第二种是含分支结构的α-葡聚糖 （见图2（b）），主要是以含有1～5 个由α-1，4 糖苷键连接的麦芽低聚糖为结构单元，通过α-1，6 和α-1，3 糖苷键连接而成，α-1，6 或α-1，3 糖苷键位于糖链末端或分支点[88-89]。 由于α-1，6 糖苷键和α-1，3 糖苷键不是连续出现的， 其含量普遍低于上述第一种产物。 有研究者鉴定了Azotobacter chroococcum NCIMB 8003 来源的一种新型4，6-α-葡聚糖转移酶GtfD， 其催化淀粉的产物为具有交替α-1，4 和α-1，6 糖苷键的高相对分子质量支链α-葡聚糖，与Lactobacillus reuteri 葡聚糖酶以蔗糖为底物合成的产物非常相似[90]。随后，鉴定了4 个GtfD 酶，并发现Paenibacillus beijingensis DSM 24997 来源的GtfD能够分别合成高相对分子质量（2.7×107）和低相对分子质量（1.9×104）的α-葡聚糖，其α-1，4 和α-1，6糖苷键的比例分别为71∶29 和77∶23。 该α-葡聚糖消化性与其α-1，4 和α-1，6 糖苷键比例呈负相关[88]。该课题组还鉴定了Lactobacillus fermentum NCC 2970 来源的4，3-α-葡萄糖基转移酶， 该酶为目前发现的惟一一个能够催化淀粉类底物合成含α-1，3糖苷键的α-葡聚糖酶。当以麦芽七糖和直链淀粉为底物时，产物中以α-1，4 糖苷键和α-1，3 糖苷键连接的葡萄糖残基的摩尔比分别为86∶14 和81∶19[89]。

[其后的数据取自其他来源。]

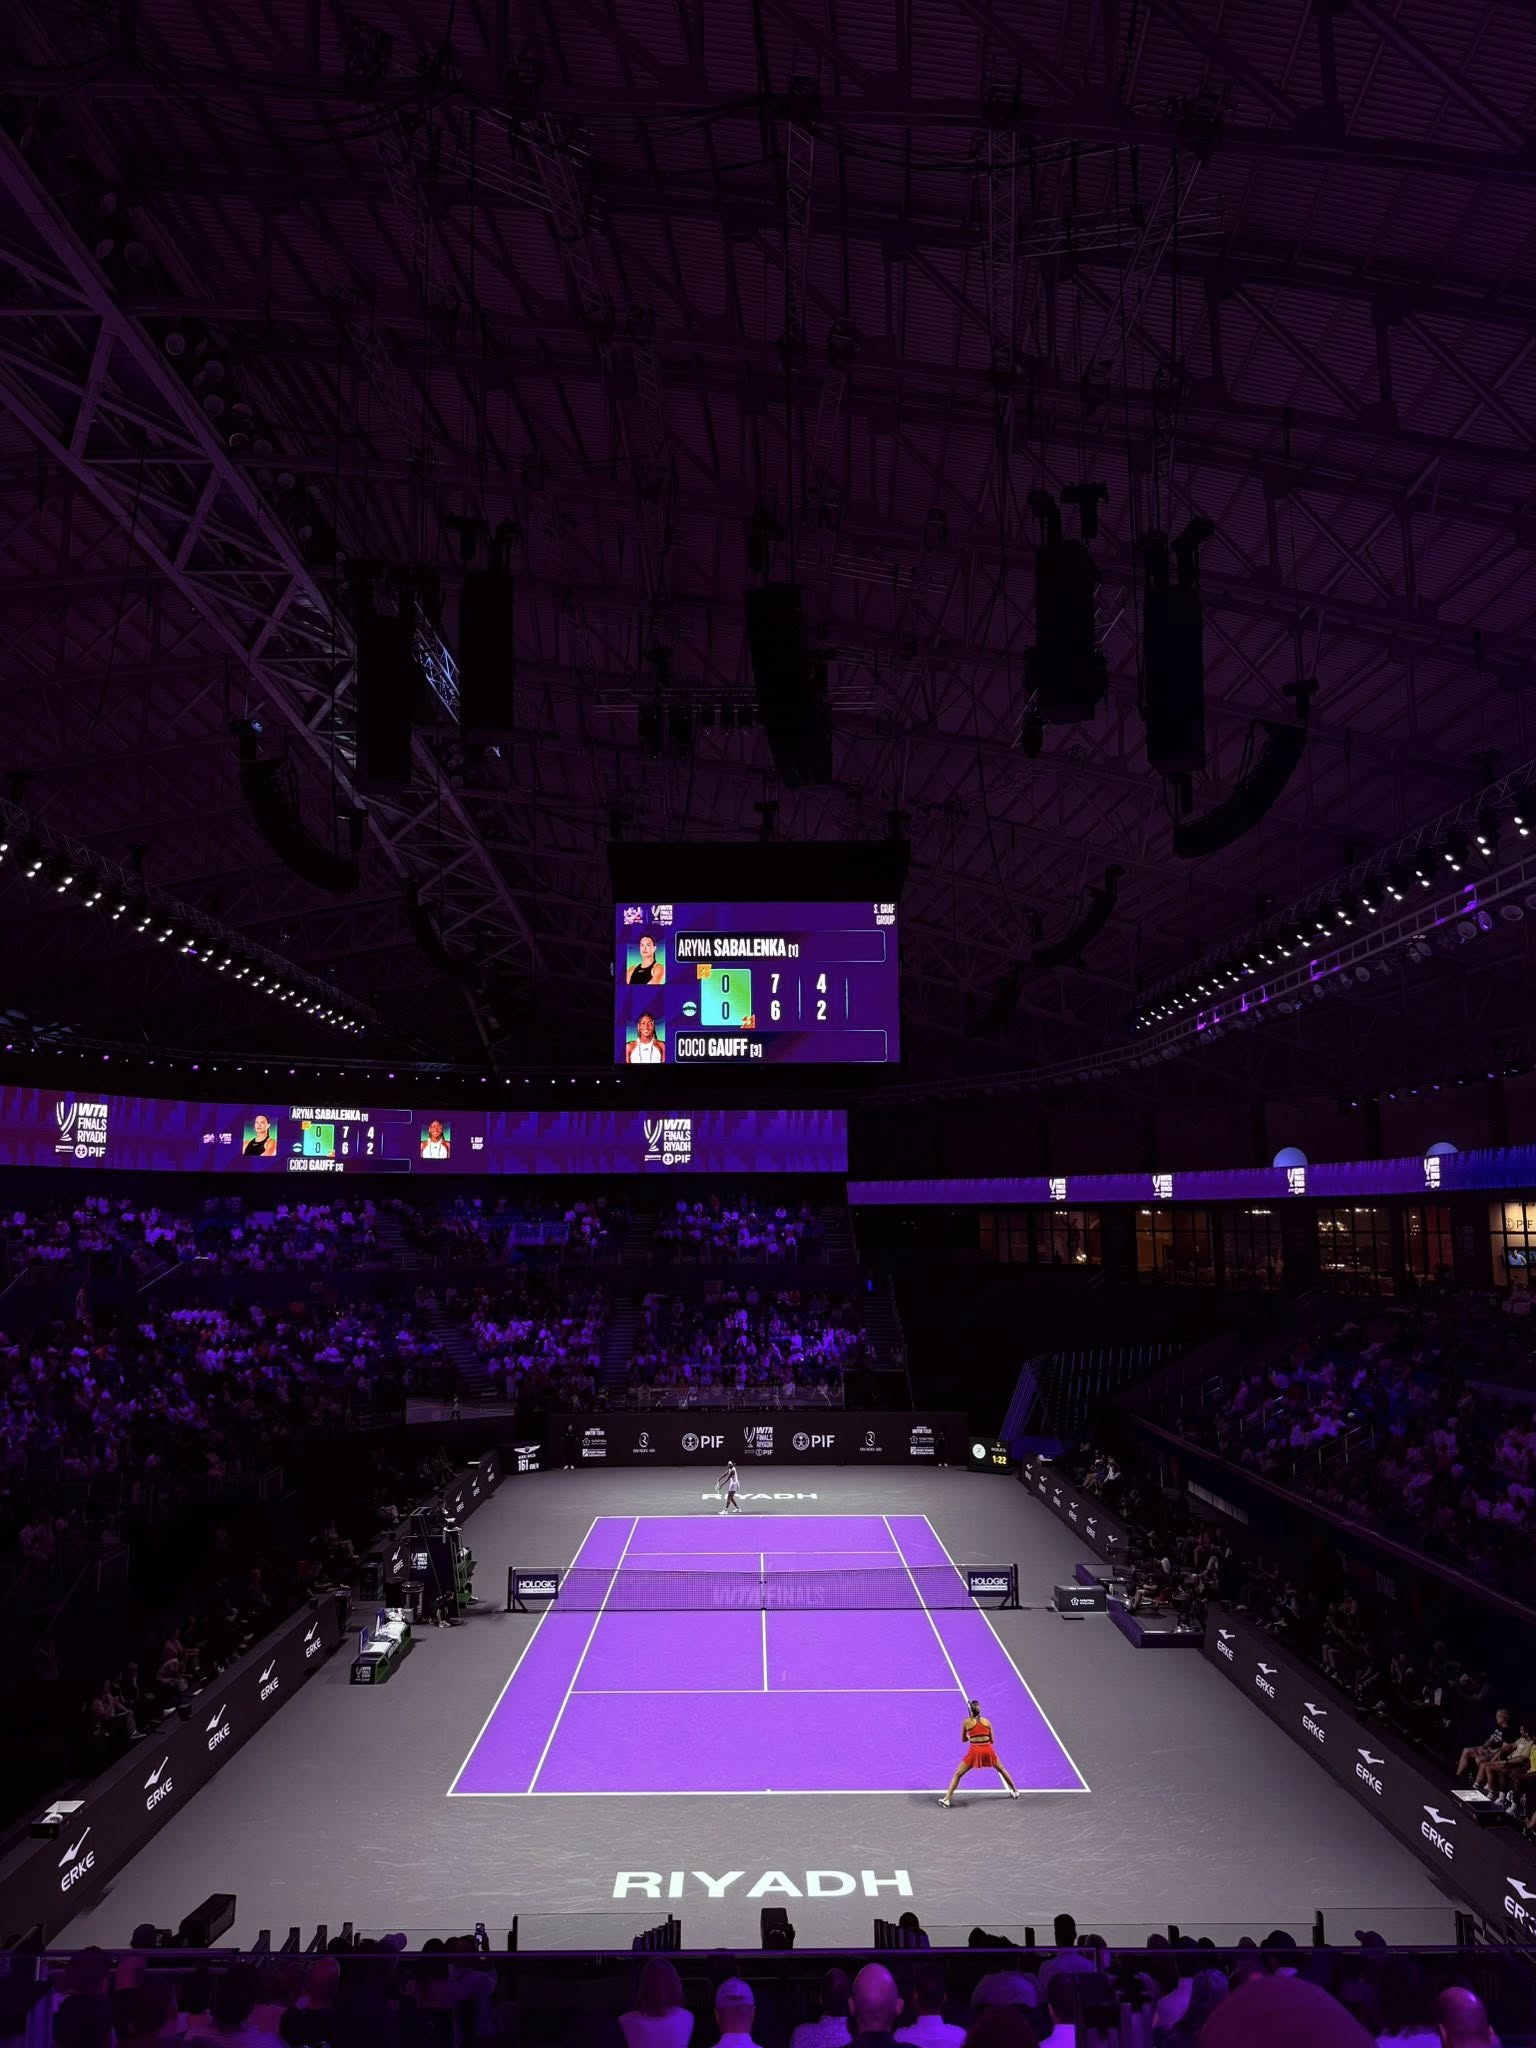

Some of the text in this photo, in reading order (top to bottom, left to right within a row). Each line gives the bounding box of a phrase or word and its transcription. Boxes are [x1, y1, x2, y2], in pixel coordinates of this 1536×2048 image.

由于上述含α-1，4 和α-1，6 糖苷键的产物仍可被人体消化酶部分消化，因此，在此基础上继续引入α-1，3 糖苷键，作为进一步降低其消化性的有效途径。 分支葡聚糖蔗糖酶、4，6-α-葡萄糖基转移酶和4，3-α-葡萄糖基转移酶同属于GH70 家族，能够分别以蔗糖为供体和右旋糖苷为受体引入α-1，2或α-1，3 糖苷键[91-92]。 有研究表明L. kunkeei DSM 12361 分支葡聚糖蔗糖酶GtfZ-CD2 还能够以IMMP 为受体， 生成含α-1，3 糖苷键的α-葡聚糖（见图2（c））。 体外消化研究结果表明，随着α-1，3糖苷键比例增加，经过修饰的IMMP 产物的消化率显著降低，高支化的聚合物基本不被消化[93]。

图2 含α-1，6 糖苷键的不同产物结构示意图Fig. 2 Structural diagrams of different products including α-1，6 glycosidic bonds

4 低聚异麦芽糖

低聚异麦芽糖（isomalto-oligosaccharides，IMOs）主要是以α-1，6 糖苷键连接的异麦芽糖、 潘糖、异麦芽三糖及异麦芽四糖等低聚糖， 具有不易被消化、甜度低、耐热耐酸性强、保湿性好等特征，并且还具有促进益生菌增殖、防龋齿、增强机体免疫力等生理功能，已在食品行业得到广泛应用[94-95]。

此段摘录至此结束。